Nessun Uomo è un’isola

13 mercoledì Giu 2018

Posted by cristallina555 in 2018, Africa, Antifascismo, Arruolamento forzato, Asia, Balkan Route, Bambini soldato, Collettivo Antigone, Cristina Monasteri, Decolonizzazione, DICHIARAZIONE DEI DIRITTI DELL’UOMO E DEL CITTADINO, Disobbedienza, Frontiera, IOM / OIM, Leva obbligatoria, Michelangelo Mignosa, Olocausto del Mare, Photography, R-esistenza, Razzismo, Refugees Welcome, Restiamo umani, Senza categoria, Stay Human

≈ Lascia un commento

Tag

Accoglienza, aprite i porti, Aquarius, Arruolamento forzato, Balkan Route, Carestia, Collettivo Antigone, Governo Italiano, Guardia Costiera, Guerra, human rights, Immigrazione, IOM, John Donne, Libia, Mediterraneo, Michelangelo Mignosa, Migrations, OIM, ONG, open borders, Photography, Poveri Cristi, Refugees Welcome, resistenza, Rohingya, SOS Mediterranée, Turchia, Umanità, umanità aperta

Nessun uomo è un’Isola,
intero in se stesso.
Ogni uomo è un pezzo del Continente,
una parte della Terra.
Se una Zolla viene portata via dall’onda del Mare,
la Terra ne è diminuita,
come se un Promontorio fosse stato al suo posto,
o una Magione amica o la tua stessa Casa.
Ogni morte d’uomo mi diminuisce,
perché io partecipo all’Umanità.
E così non mandare mai a chiedere per chi suona la Campana:
Essa suona per te.

John Donne

 

2

Photo Copyright: Michelangelo Mignosa – Poveri Cristi

 

L’abbiamo scritto in più occasioni ma è il caso di ribadirlo: i flussi migratori provenienti dall’Africa e dal Medio Oriente coinvolgono i paesi Mediterranei a partire dalla fine degli anni Ottanta del Novecento e cioè dalla caduta del Muro di Berlino. Non si tratta di un’emergenza bensì di una situazione che non può continuare a essere ignorata nascondendosi dietro le linee immaginarie dei confini, senza considerare che ogni Stato appartiene a un contesto globale fatto di interconnessioni e di equilibri economici, sociali e culturali in continua trasformazione proprio alla luce delle strategie politiche di ogni paese.

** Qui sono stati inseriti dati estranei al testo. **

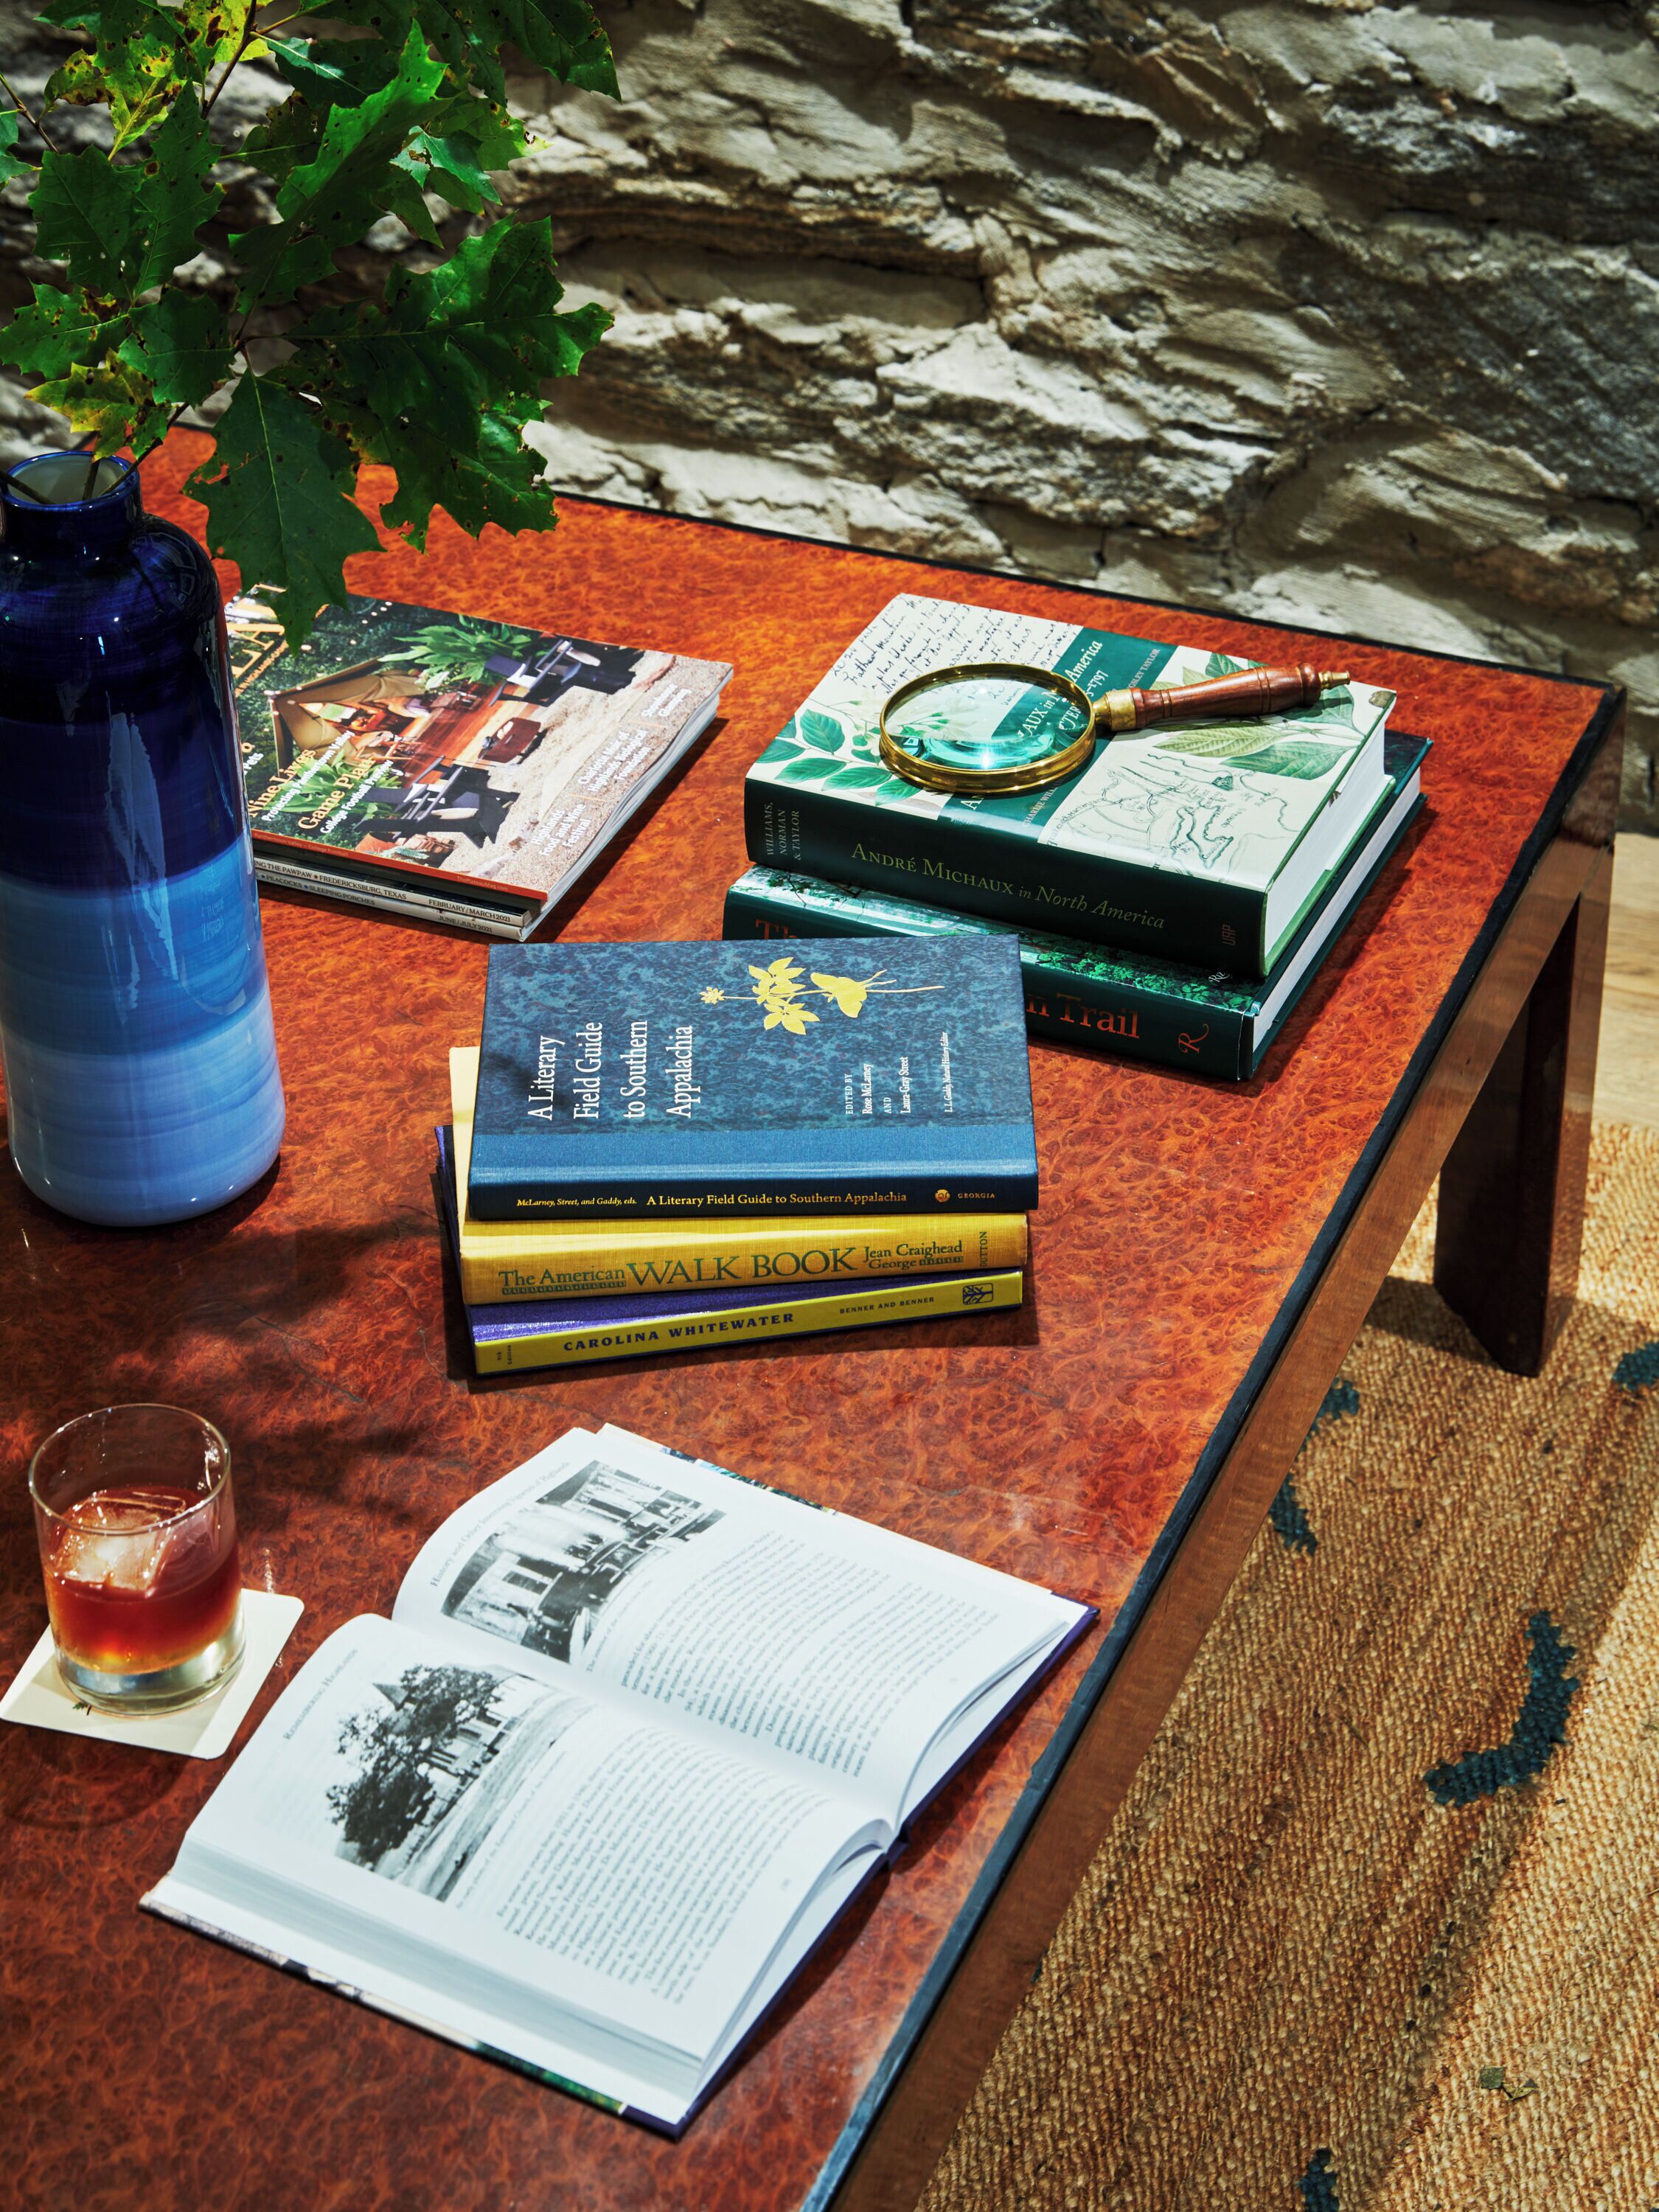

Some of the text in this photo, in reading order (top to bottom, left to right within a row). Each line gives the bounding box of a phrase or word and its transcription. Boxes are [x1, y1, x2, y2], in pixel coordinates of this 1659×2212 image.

[1064, 639, 1103, 684] America
[1142, 648, 1161, 672] TAYLOR
[261, 730, 355, 822] Protecting Panthertown Valley
[578, 754, 608, 785] Charlotte
[618, 730, 630, 744] of
[588, 729, 649, 793] Highlands Biological
[614, 745, 652, 781] Foundation
[248, 785, 281, 818] Nine
[269, 749, 316, 784] Lives
[298, 790, 346, 830] Game
[333, 755, 377, 790] Plan
[320, 759, 394, 834] College Football Preview
[531, 809, 566, 846] Highlands
[538, 803, 586, 857] Food and Wine
[563, 818, 591, 847] Festival
[764, 801, 773, 856] WILLIAMS,
[779, 808, 787, 856] NORMAN
[793, 810, 801, 860] & TAYLOR
[266, 863, 282, 872] THE
[282, 866, 313, 879] PAWPAW
[266, 874, 302, 888] PEACOCKS
[319, 874, 406, 900] FREDERICKSBURG, TEXAS
[850, 842, 1166, 930] ANDRÉ MICHAUX in North America
[309, 884, 375, 905] SLEEPING PORCHES
[428, 899, 466, 913] FEBRUARY
[469, 908, 495, 920] MARCH
[495, 914, 511, 922] 2021
[438, 915, 456, 925] JUNE
[460, 920, 479, 929] JULY
[478, 924, 493, 933] 2021
[1055, 992, 1141, 1040] Trail
[940, 1032, 949, 1046] Editor
[941, 1047, 951, 1065] History
[527, 1034, 566, 1121] A Literary
[573, 1021, 603, 1119] Field Guide
[619, 1020, 648, 1119] to Southern
[665, 1025, 701, 1119] Appalachia
[860, 1062, 874, 1115] Rose McLarney
[898, 1056, 913, 1114] Laura-Gray Street
[942, 1065, 951, 1083] Natural
[844, 1073, 854, 1115] EDITED BY
[883, 1096, 892, 1114] AND
[942, 1083, 954, 1101] Gaddy,
[516, 1197, 637, 1208] McLarney, Street, and Gaddy, eds.
[647, 1192, 908, 1208] A Literary Field Guide to Southern Appalachia
[499, 1247, 859, 1287] The American WALK BOOK
[863, 1239, 963, 1263] Jean Craighead
[869, 1257, 917, 1270] George
[979, 1231, 988, 1268] DUTTON
[839, 1296, 935, 1314] BENNER AND BENNER
[563, 1312, 794, 1352] CAROLINA WHITEWATER
[431, 1558, 456, 1587] History
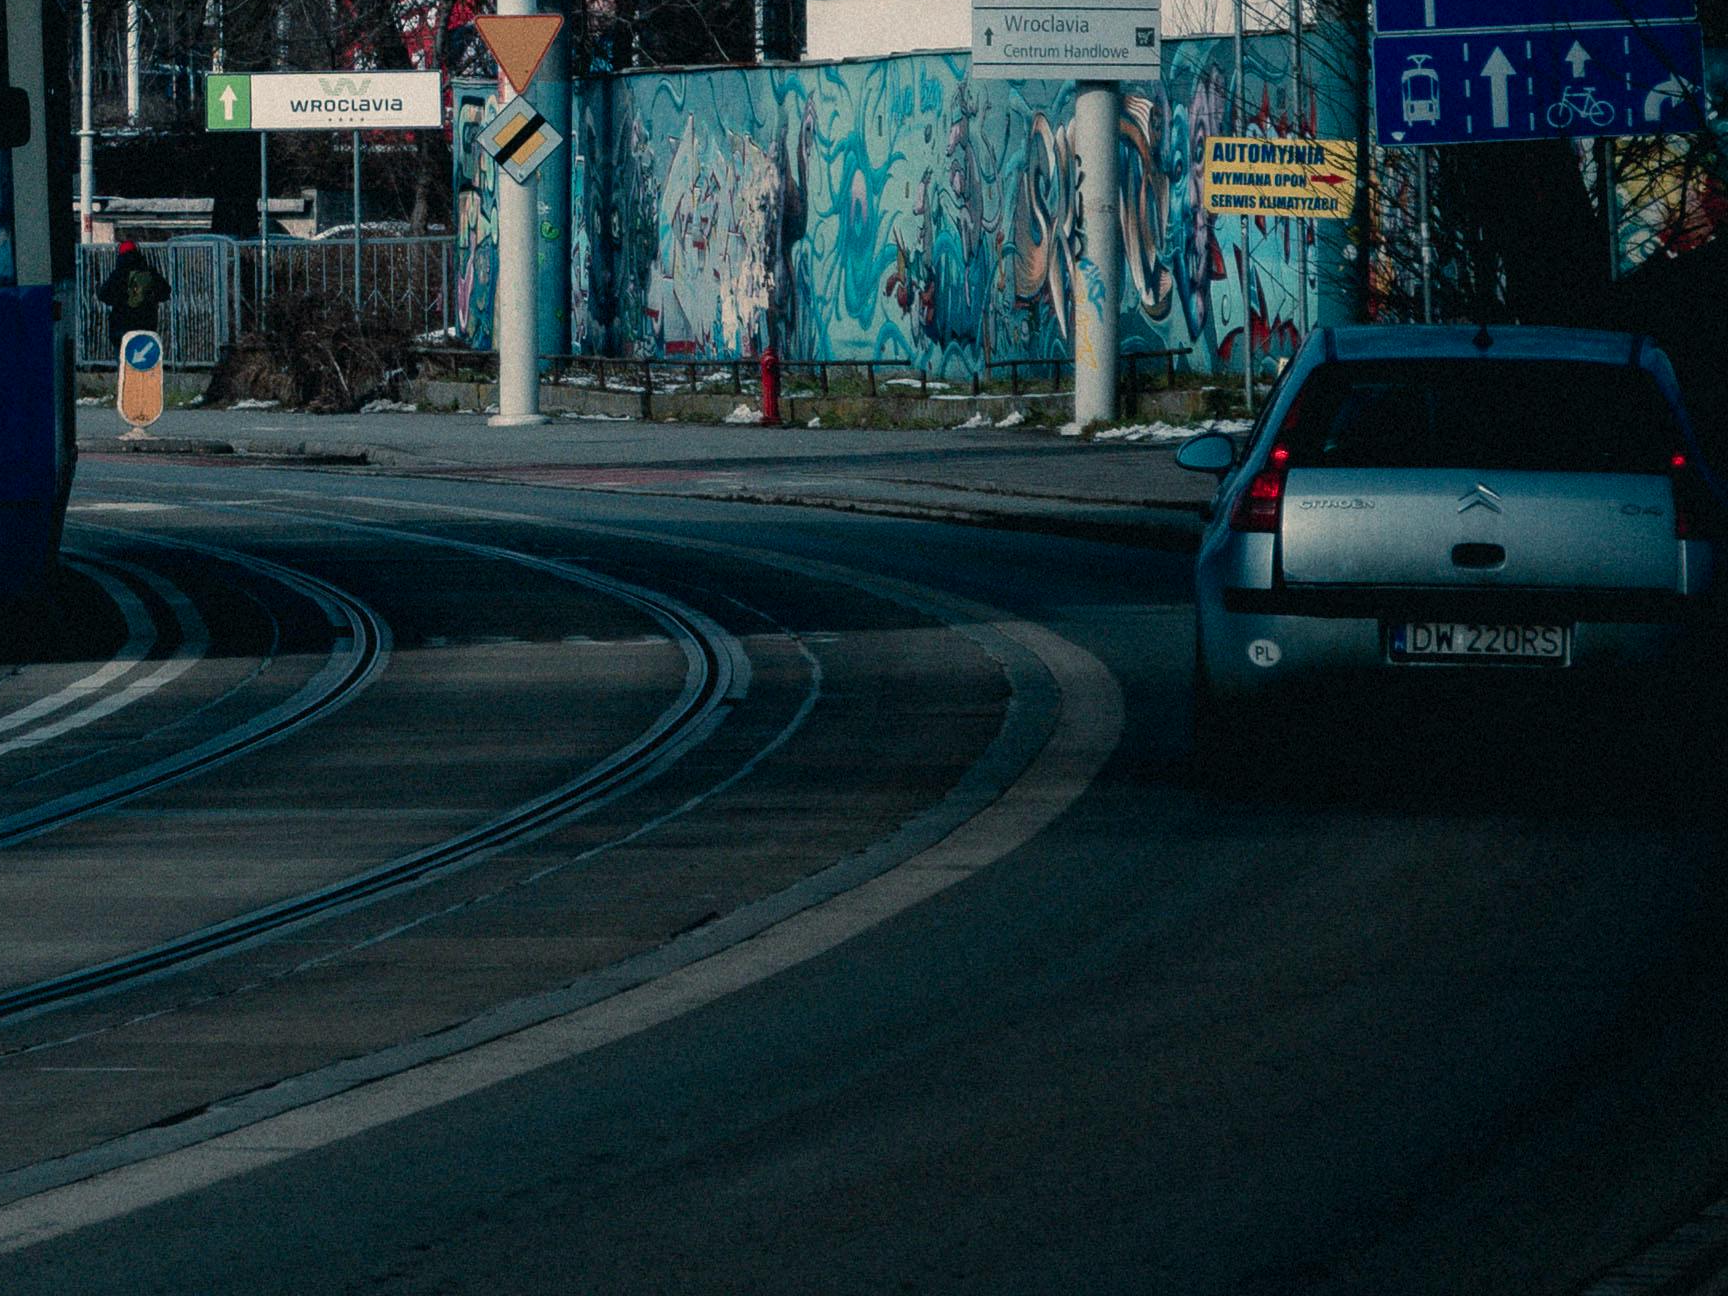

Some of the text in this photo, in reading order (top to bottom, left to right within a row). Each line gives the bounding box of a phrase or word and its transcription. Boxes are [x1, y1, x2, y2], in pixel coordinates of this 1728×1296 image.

[1003, 15, 1090, 33] Wroclavia
[1003, 43, 1130, 59] Centrum Handlowe
[1212, 142, 1326, 166] AUTOMYJNIA
[1212, 171, 1308, 188] WYMIANA OPON
[1211, 194, 1257, 209] SERWIS
[1412, 623, 1560, 655] DW 220RS
[1254, 644, 1275, 662] PL

I confini esistono proprio perché nessun paese è una zattera alla deriva nello Spazio. Perché non iniziare a considerarli come “giunture” piuttosto che barriere?

I flussi migratori non cesseranno ora, ne’ nei prossimi anni perché nel Mondo esistono conflitti che causano milioni di sfollati.
Non si può però pensare alla guerra come all’unico “motivo valido” per fuggire dal proprio paese. Le altre cause di migrazione massiva sono i disastri naturali causati dalla deforestazione, i terremoti e gli tsunami che da decenni colpiscono i paesi asiatici e quelli africani; le carestia e le condizioni di estrema povertà (Sudan e Sud Sudan, ad esempio); le persecuzioni religiose (ricordiamo la tragedia vissuta dal popolo Rohingya ); le numerose dittature e le forme di governo autoritarie che privano la propria popolazione dei diritti umani o che obbligano all’arruolamento forzato.

 

Tutta l’Africa in Italia non ci sta.

Nel settembre del 2015, il Consiglio europeo per la Giustizia e gli Affari Interni, ha adottato nuove misure per la ridistribuzione dei richiedenti asilo provenienti da Italia e Grecia. Tra il 2015 e il 2018, l’Organizzazione Mondiale per le Migrazioni (IOM) ha assistito alla ricollocazione in altri paesi europei di quasi 35 mila persone bisognose di protezione internazionale, poco meno di 600 tra loro sono i minori non accompagnati.

Assegnazioni_da_Gr_It

Fonte: IOM – sezione Relocated

 

La tratta*

La presenza di conflitti o disastri ambientali nel paese di partenza (non necessariamente è il paese di origine), rende i migranti più vulnerabili al traffico di esseri umani durante il viaggio verso l’Europa, soprattutto sulla route del Mediterraneo centrale, rispetto alla route balcanica.
Quando parliamo di tratta, di traffico di esseri umani, intendiamo in primis le condizioni di detenzione e schiavitù in cui versano le persone in stallo nei campi libici: spesso i trafficanti tengono uomini, donne e bambini in ostaggio e, solo quando le condizioni di salute sono tanto critiche da impedire ulteriori sfruttamenti, vengono imbarcati e lasciati alla deriva in mare. Molte donne subiscono violenze sessuali: è questo il motivo per cui ci sono molte donne incinte a bordo delle imbarcazioni recuperate dalle ONG e dalla Guardia Costiera.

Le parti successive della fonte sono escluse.